DESCRIPTION OF THE TASK: For every entry below, give an exact repeat and leave out the pictures.
============
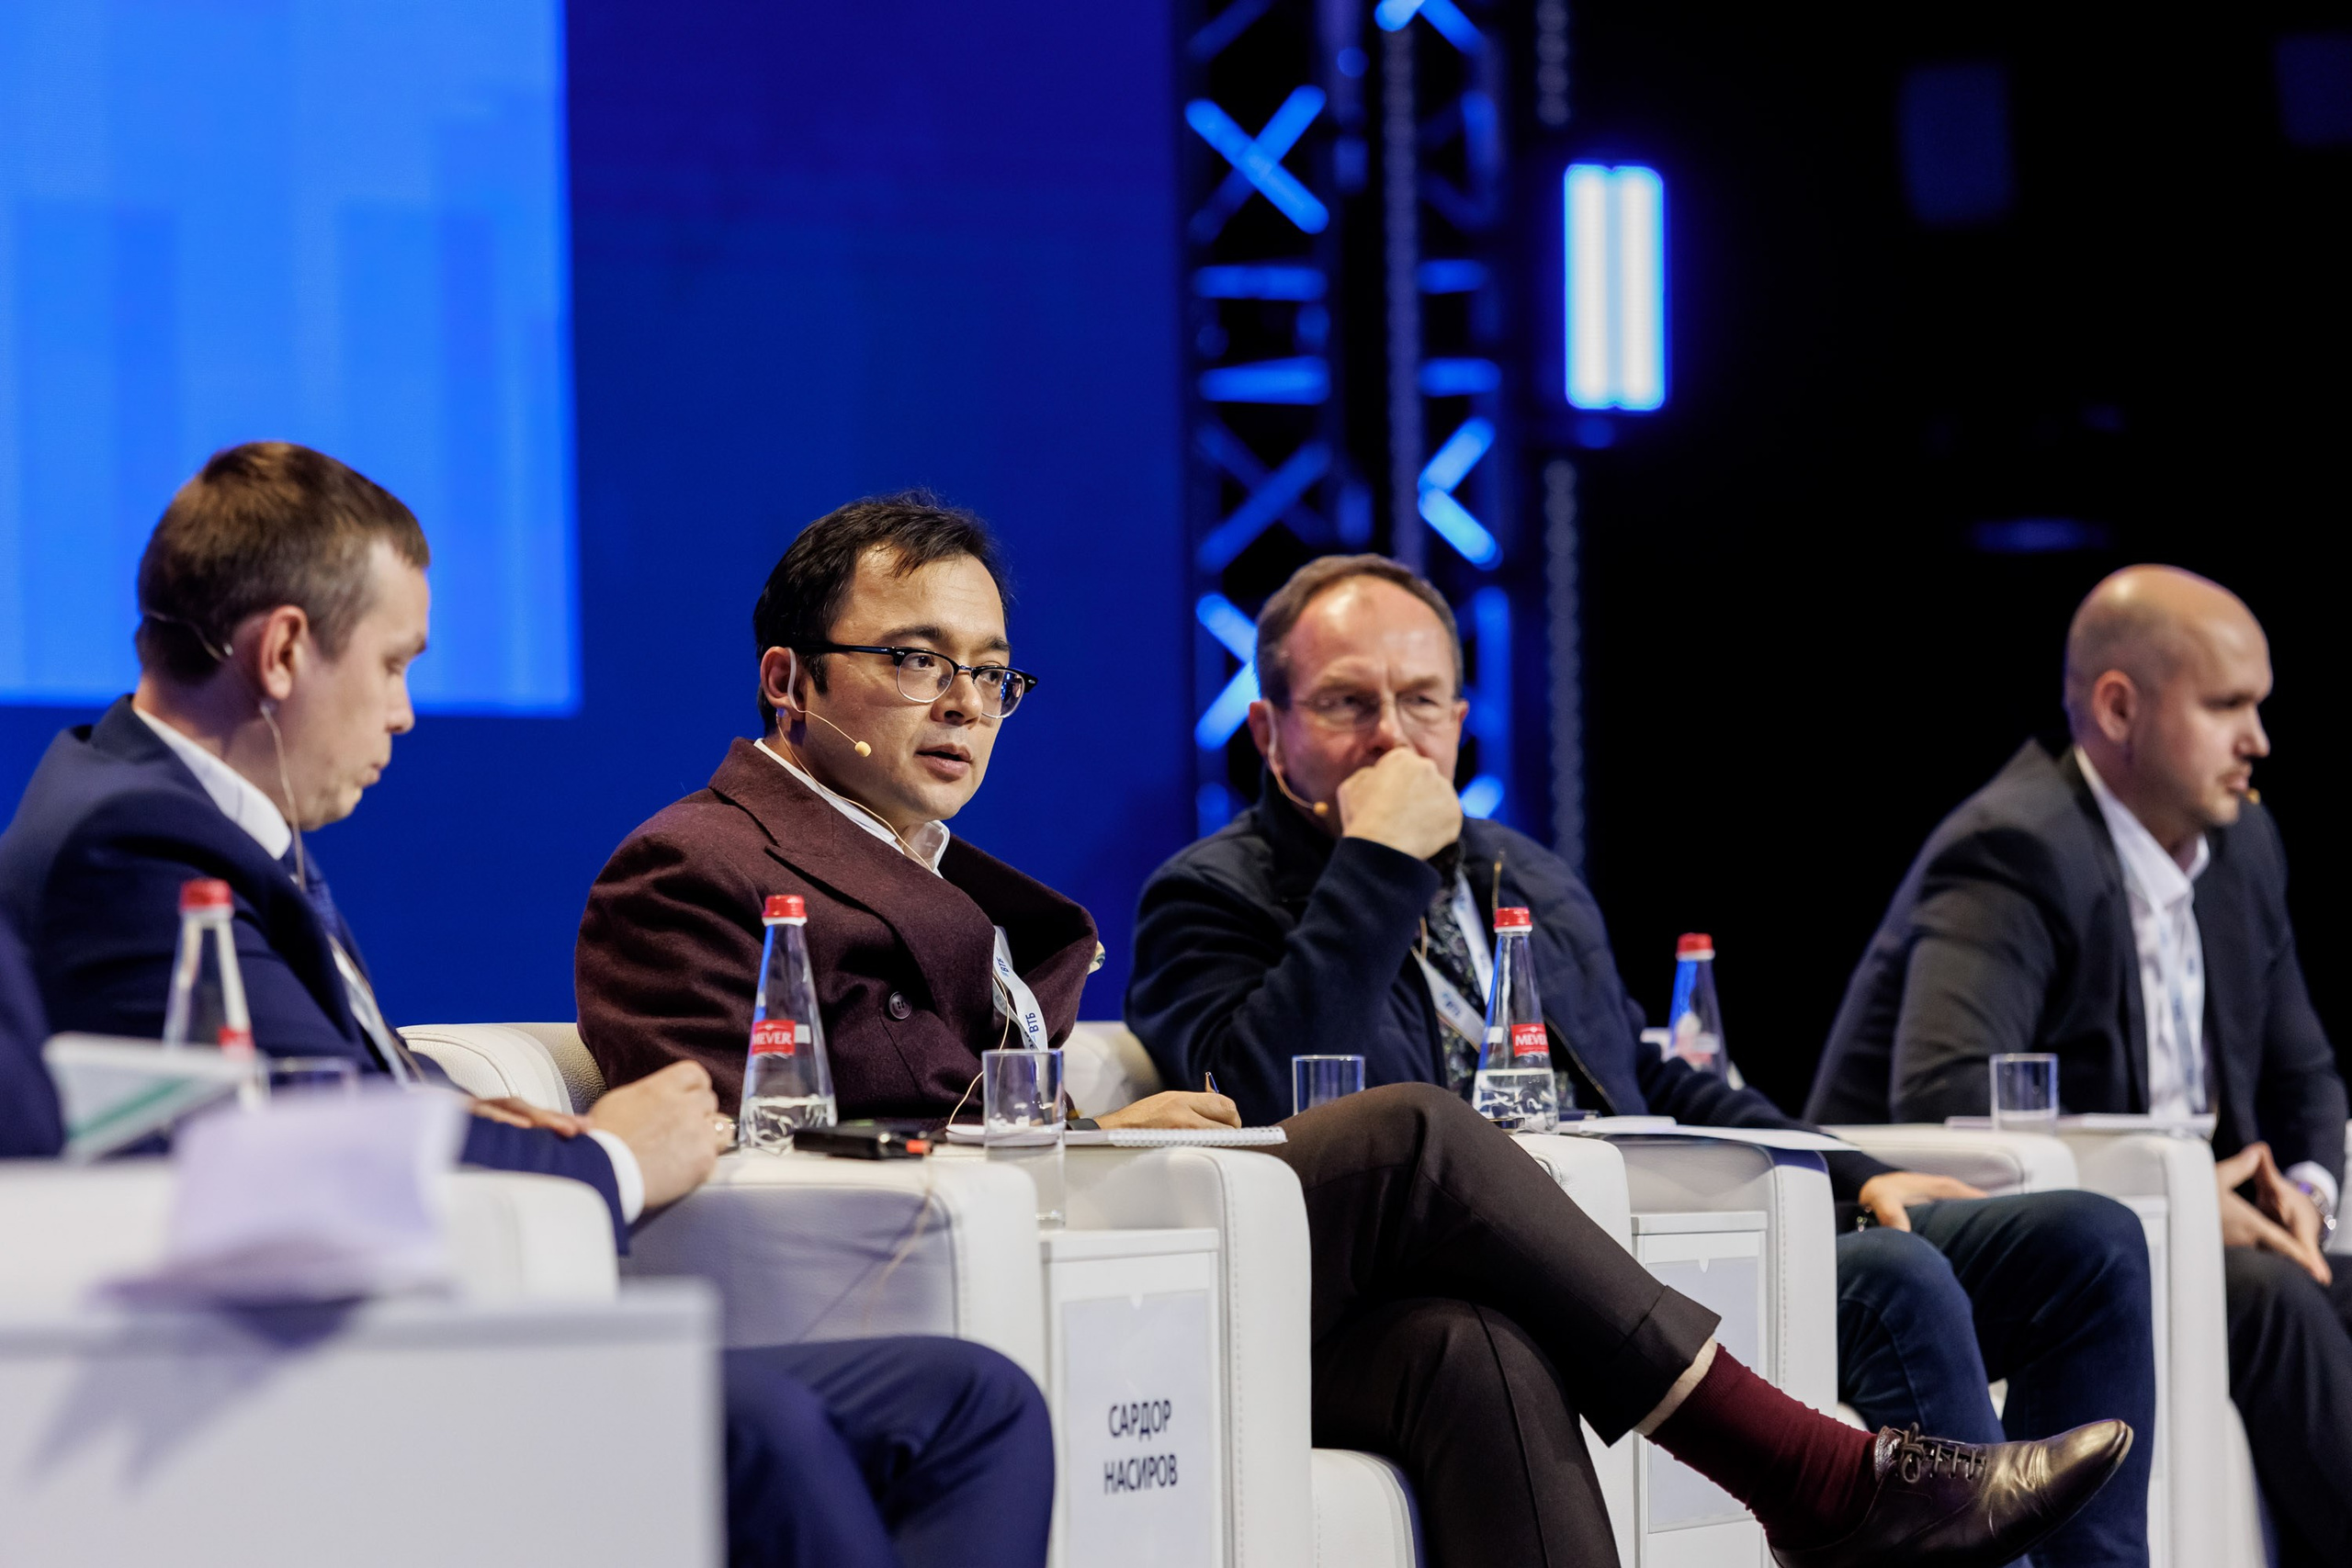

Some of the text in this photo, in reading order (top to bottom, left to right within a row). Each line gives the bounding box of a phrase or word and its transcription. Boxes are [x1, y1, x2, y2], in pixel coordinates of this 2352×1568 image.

[1025, 1012, 1039, 1034] ВТБ
[1108, 1399, 1171, 1442] САРДОР
[1103, 1454, 1177, 1495] НАСИРОВ
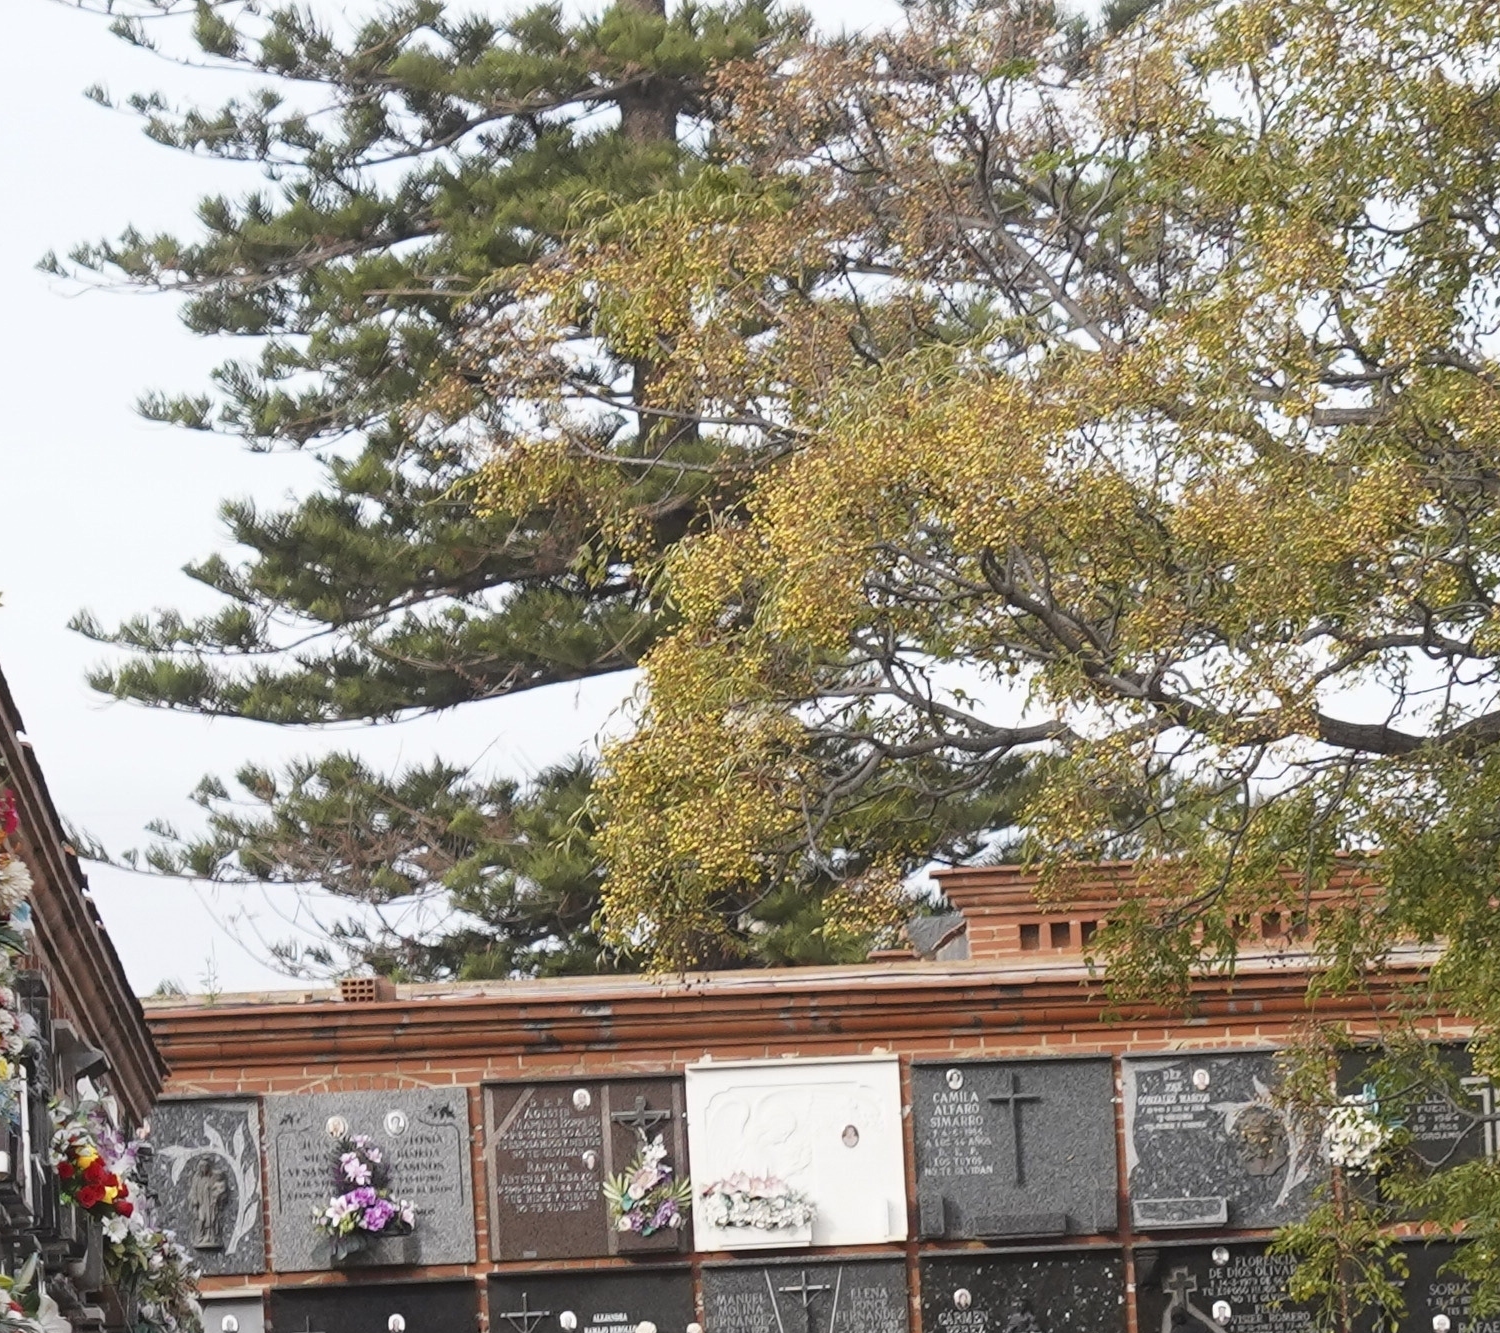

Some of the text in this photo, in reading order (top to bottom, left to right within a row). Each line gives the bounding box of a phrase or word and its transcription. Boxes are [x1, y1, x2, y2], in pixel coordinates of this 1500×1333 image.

[933, 1091, 979, 1104] CAMILA
[934, 1103, 980, 1116] ALFARO
[930, 1115, 984, 1128] SIMARRO
============
OUTPUT FOR THIS EXERCISE:
Some of the text in this photo, in reading order (top to bottom, left to right within a row). Each line gives the bounding box of a phrase or word and its transcription. Boxes are [x1, y1, x2, y2], in pixel coordinates of this 2352×1568 image.

[1025, 1012, 1039, 1034] ВТБ
[1108, 1399, 1171, 1442] САРДОР
[1103, 1454, 1177, 1495] НАСИРОВ

Some of the text in this photo, in reading order (top to bottom, left to right within a row). Each line gives the bounding box of a phrase or word and its transcription. Boxes are [x1, y1, x2, y2], in pixel coordinates of this 1500×1333 image.

[933, 1091, 979, 1104] CAMILA
[934, 1103, 980, 1116] ALFARO
[930, 1115, 984, 1128] SIMARRO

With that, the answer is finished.